= Macha Mission =

Human settlement in Zambia

Macha Mission is a mission station in the Choma District of the Southern Province of Zambia. While it started out as a place to convert the local population to Christianity, it has grown into a community centre with a church, five schools, a hospital and a malaria research centre.

Macha Mission began as a Christian mission station in 1906. Hannah Frances Davidson, an American missionary from the Brethren in Christ (BIC) church, traveled there from Matopo Mission in Southern Rhodesia (present-day Zimbabwe). She was accompanied by two African helpers and Adda Engle, another missionary. Davidson and her companions subsequently embarked on the task of converting local Tonga and Ila peoples to Christianity. They established a school, a church, and eventually a clinic.

In the 1950s the medical mission of the site greatly expanded due to the presence of Alvan Thuma, a physician and BIC missionary from the United States, and his wife Ardys. The history of their involvement in Macha has been documented in the book First a Friend

The mission became the anchor for later Brethren in Christ mission work in Southern Zambia with missionaries expanding to Sikalongo and to Choma. The mission continues to function currently. It has grown considerably and now includes a hospital, a nursing school, two secondary schools and two primary schools.
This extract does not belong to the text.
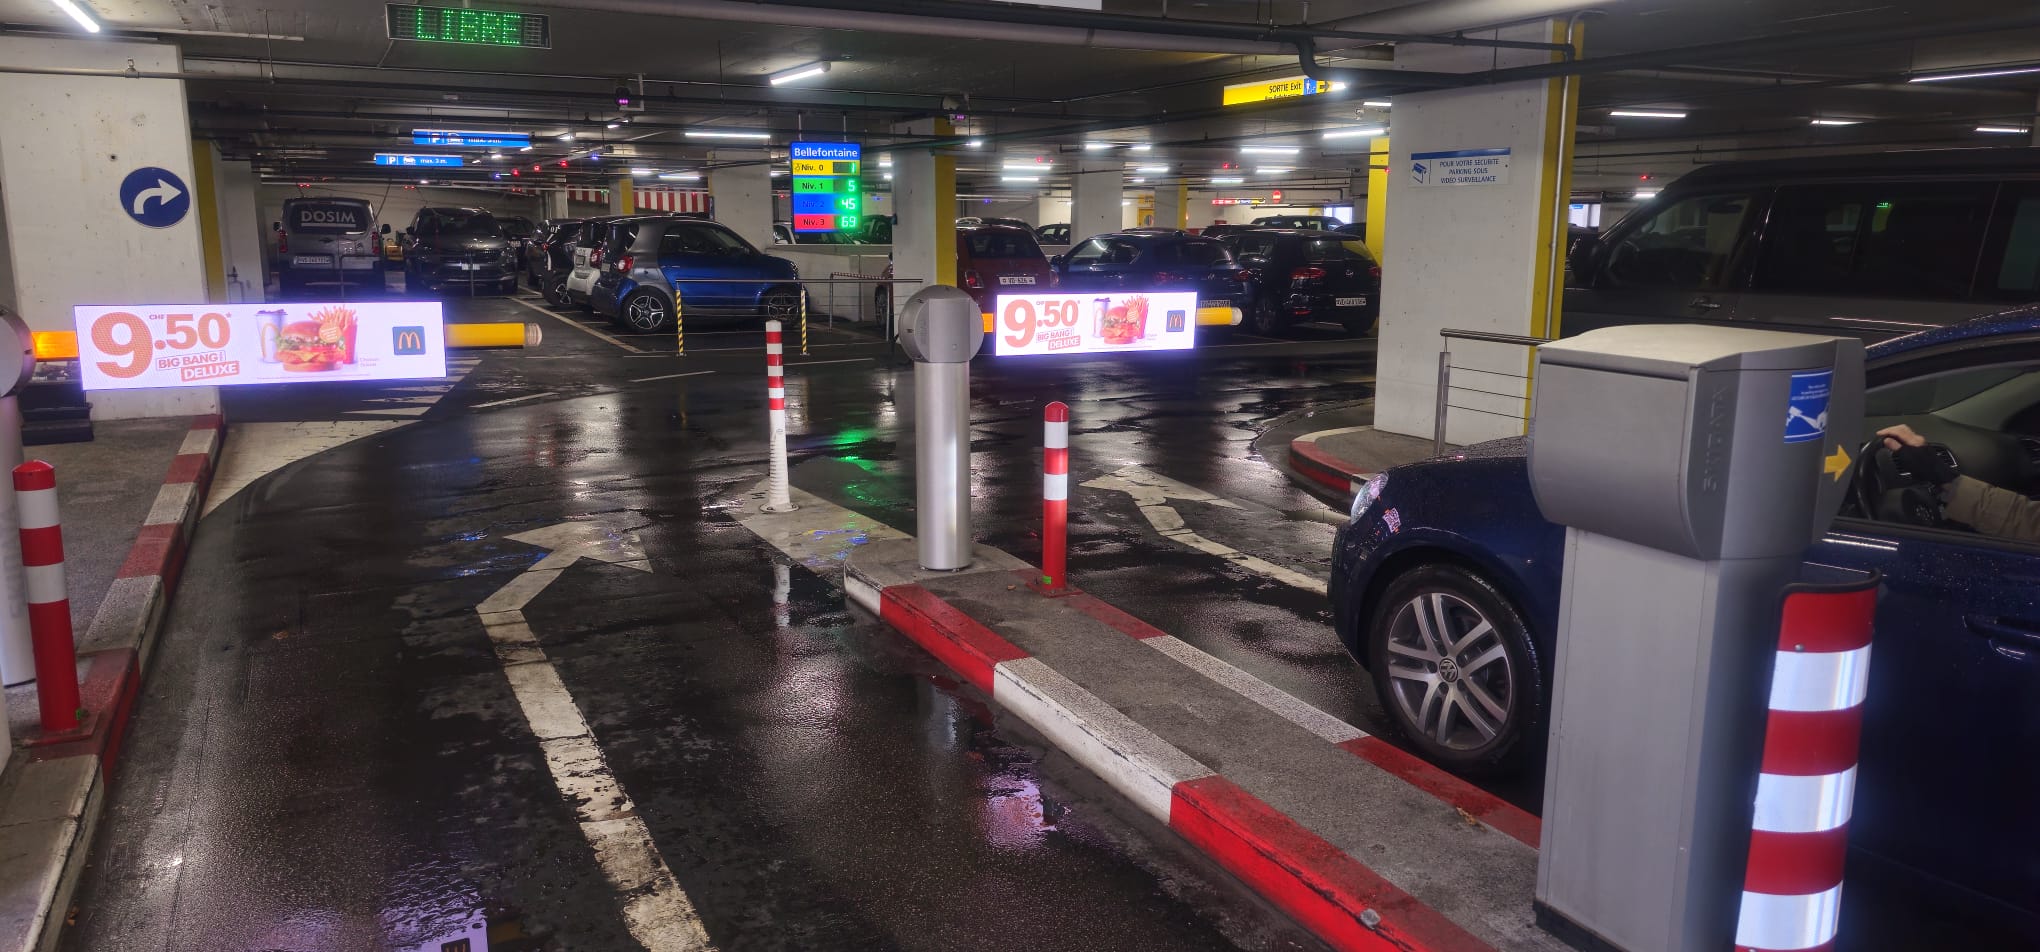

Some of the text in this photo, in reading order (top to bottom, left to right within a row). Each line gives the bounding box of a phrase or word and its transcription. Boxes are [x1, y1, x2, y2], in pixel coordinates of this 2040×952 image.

== Developments since 2000 ==
Long term ongoing research in malaria got a boost early 2003, with the establishment of a formal malaria research centre. The Malaria Institute at Macha (MIAM) collaborates with Johns Hopkins Bloomberg School of Public Health to do continuing research in malaria and related diseases. Later the research also encompassed TB and HIV, with special attention into Pediatric HIV.

Macha Works, a cooperative organisation, partnered at Macha Mission and implemented an aerodrome, ABFA, restaurant, Care House, Library and Craft Shop, ICT training center, Macha Innovative Christian School, and housing facilities at Ubuntu Campus. In addition, a large Jatropha Farm was started at Macha Mission by Macha Works. From the base at Macha, Macha Works extended activities in 8 other rural communities throughout Zambia (status mid-2010).

Vision Community Radio Macha, broadcasting from Vision House just off Macha Mission, can be received in an 80 km radius on 92.9 MHz, FM.